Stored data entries
#####
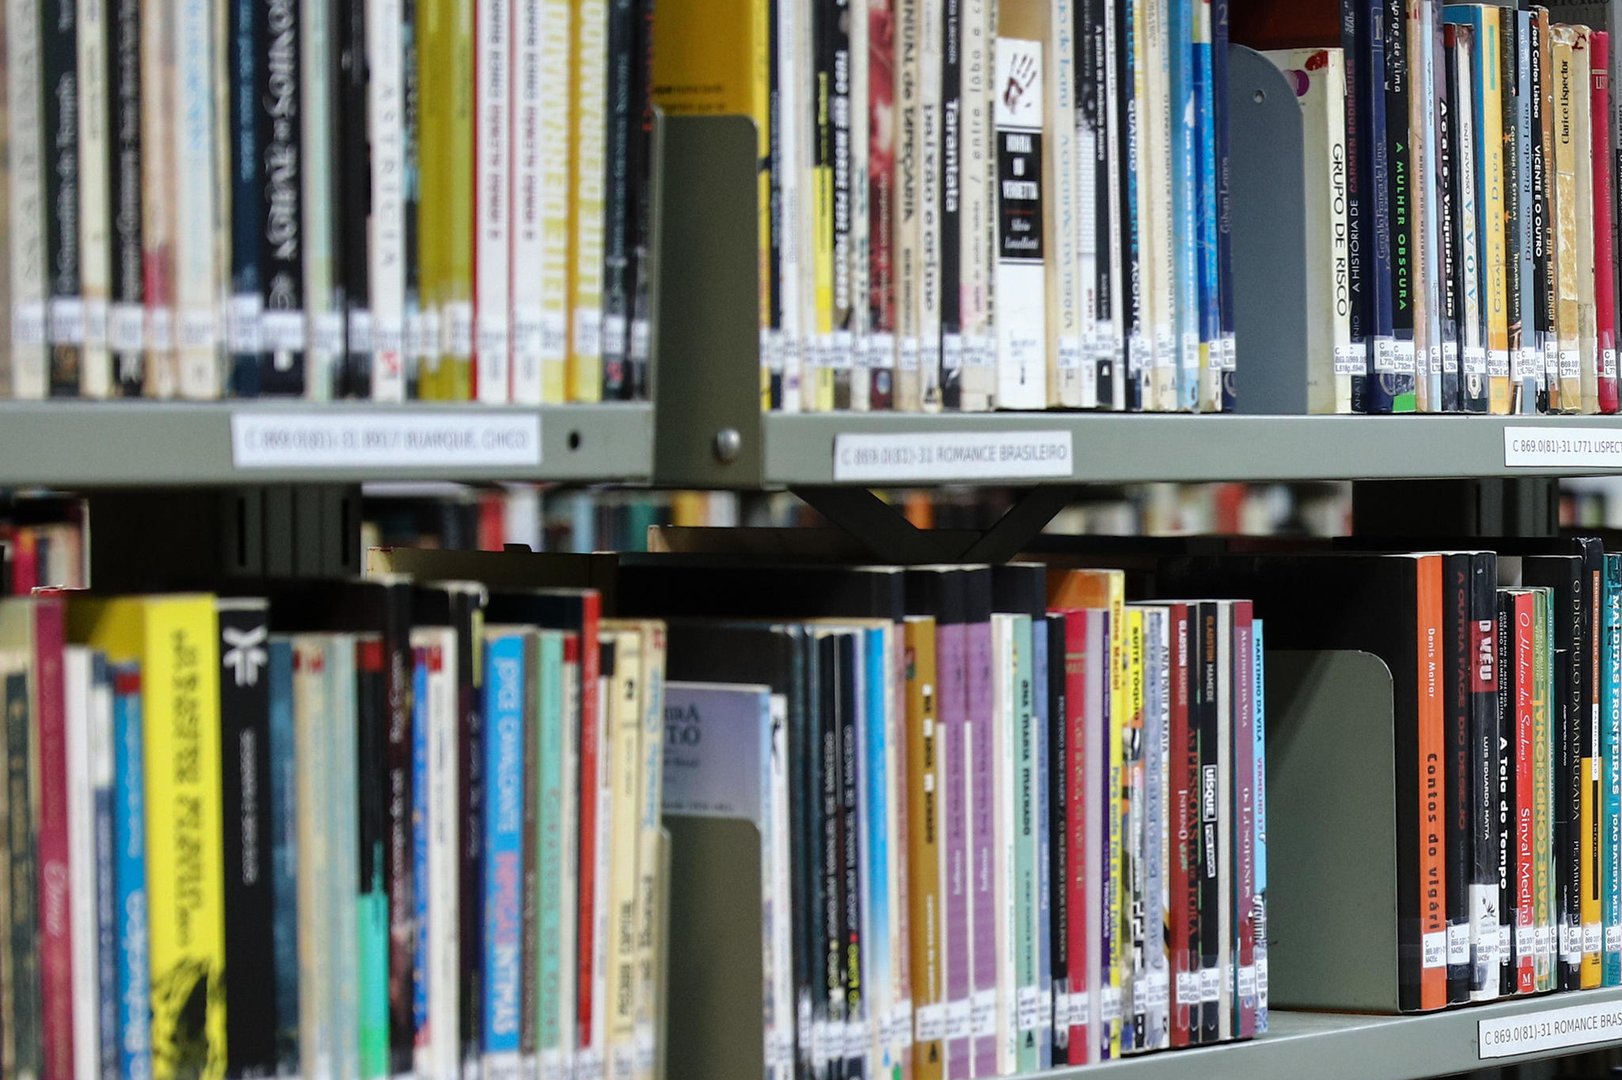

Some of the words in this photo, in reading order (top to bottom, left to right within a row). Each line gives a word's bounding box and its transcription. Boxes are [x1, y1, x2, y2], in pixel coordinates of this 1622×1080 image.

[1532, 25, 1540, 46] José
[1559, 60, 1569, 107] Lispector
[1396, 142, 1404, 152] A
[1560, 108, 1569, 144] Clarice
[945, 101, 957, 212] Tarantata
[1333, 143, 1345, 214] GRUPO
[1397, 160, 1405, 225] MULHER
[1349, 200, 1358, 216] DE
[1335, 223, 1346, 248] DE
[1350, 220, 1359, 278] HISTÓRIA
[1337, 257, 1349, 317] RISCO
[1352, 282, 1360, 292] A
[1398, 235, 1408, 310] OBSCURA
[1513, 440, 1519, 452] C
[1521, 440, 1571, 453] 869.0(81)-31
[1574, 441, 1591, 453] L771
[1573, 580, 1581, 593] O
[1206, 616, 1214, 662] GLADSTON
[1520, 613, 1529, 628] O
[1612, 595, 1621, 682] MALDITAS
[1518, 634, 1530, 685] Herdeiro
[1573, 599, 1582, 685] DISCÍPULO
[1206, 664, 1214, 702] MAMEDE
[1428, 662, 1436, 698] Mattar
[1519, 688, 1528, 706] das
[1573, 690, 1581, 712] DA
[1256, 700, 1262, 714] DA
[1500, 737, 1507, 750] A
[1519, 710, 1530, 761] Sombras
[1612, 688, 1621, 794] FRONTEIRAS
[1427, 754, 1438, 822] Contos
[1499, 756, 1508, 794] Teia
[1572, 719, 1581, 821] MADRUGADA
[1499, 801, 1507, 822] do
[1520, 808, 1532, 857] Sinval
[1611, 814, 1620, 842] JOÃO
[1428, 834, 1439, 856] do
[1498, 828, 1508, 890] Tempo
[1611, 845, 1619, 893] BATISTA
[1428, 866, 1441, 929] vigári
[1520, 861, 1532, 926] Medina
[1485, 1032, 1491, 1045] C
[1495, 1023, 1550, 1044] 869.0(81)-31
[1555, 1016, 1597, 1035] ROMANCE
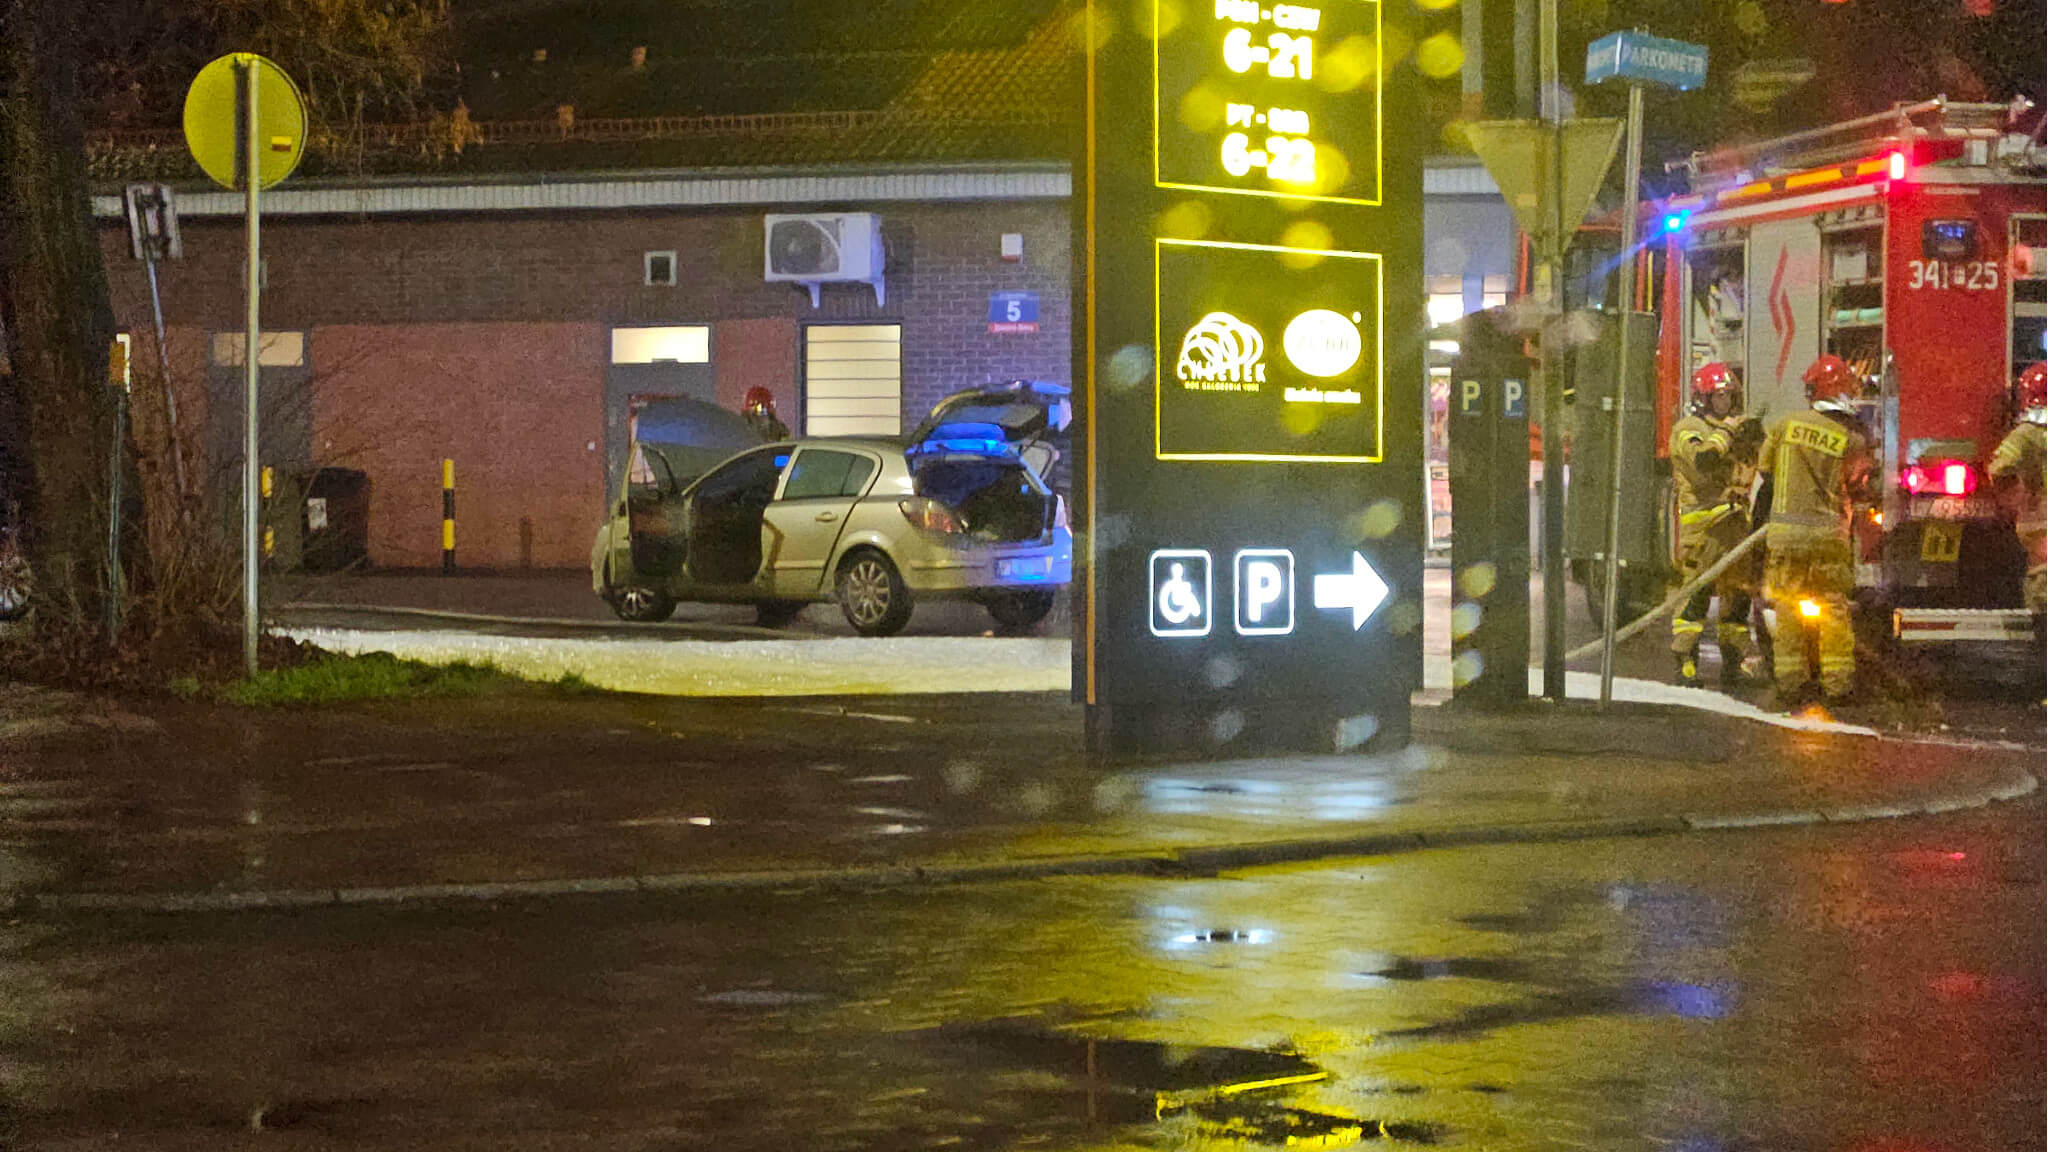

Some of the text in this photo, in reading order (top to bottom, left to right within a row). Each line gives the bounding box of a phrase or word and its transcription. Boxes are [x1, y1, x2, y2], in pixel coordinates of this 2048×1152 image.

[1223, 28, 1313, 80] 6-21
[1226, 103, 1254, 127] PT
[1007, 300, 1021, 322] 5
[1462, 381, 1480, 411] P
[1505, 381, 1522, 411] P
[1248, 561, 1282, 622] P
#####
PROBLEM TO SOLVE:
So that the copy stays exact, reproduce each record word for word and leave its images out.

EXERCISE RESULT:
Some of the words in this photo, in reading order (top to bottom, left to right within a row). Each line gives a word's bounding box and its transcription. Boxes are [x1, y1, x2, y2], in pixel coordinates of this 1622×1080 image.

[1532, 25, 1540, 46] José
[1559, 60, 1569, 107] Lispector
[1396, 142, 1404, 152] A
[1560, 108, 1569, 144] Clarice
[945, 101, 957, 212] Tarantata
[1333, 143, 1345, 214] GRUPO
[1397, 160, 1405, 225] MULHER
[1349, 200, 1358, 216] DE
[1335, 223, 1346, 248] DE
[1350, 220, 1359, 278] HISTÓRIA
[1337, 257, 1349, 317] RISCO
[1352, 282, 1360, 292] A
[1398, 235, 1408, 310] OBSCURA
[1513, 440, 1519, 452] C
[1521, 440, 1571, 453] 869.0(81)-31
[1574, 441, 1591, 453] L771
[1573, 580, 1581, 593] O
[1206, 616, 1214, 662] GLADSTON
[1520, 613, 1529, 628] O
[1612, 595, 1621, 682] MALDITAS
[1518, 634, 1530, 685] Herdeiro
[1573, 599, 1582, 685] DISCÍPULO
[1206, 664, 1214, 702] MAMEDE
[1428, 662, 1436, 698] Mattar
[1519, 688, 1528, 706] das
[1573, 690, 1581, 712] DA
[1256, 700, 1262, 714] DA
[1500, 737, 1507, 750] A
[1519, 710, 1530, 761] Sombras
[1612, 688, 1621, 794] FRONTEIRAS
[1427, 754, 1438, 822] Contos
[1499, 756, 1508, 794] Teia
[1572, 719, 1581, 821] MADRUGADA
[1499, 801, 1507, 822] do
[1520, 808, 1532, 857] Sinval
[1611, 814, 1620, 842] JOÃO
[1428, 834, 1439, 856] do
[1498, 828, 1508, 890] Tempo
[1611, 845, 1619, 893] BATISTA
[1428, 866, 1441, 929] vigári
[1520, 861, 1532, 926] Medina
[1485, 1032, 1491, 1045] C
[1495, 1023, 1550, 1044] 869.0(81)-31
[1555, 1016, 1597, 1035] ROMANCE

Some of the text in this photo, in reading order (top to bottom, left to right within a row). Each line gives the bounding box of a phrase or word and its transcription. Boxes are [x1, y1, x2, y2], in pixel coordinates of this 2048×1152 image.

[1223, 28, 1313, 80] 6-21
[1226, 103, 1254, 127] PT
[1007, 300, 1021, 322] 5
[1462, 381, 1480, 411] P
[1505, 381, 1522, 411] P
[1248, 561, 1282, 622] P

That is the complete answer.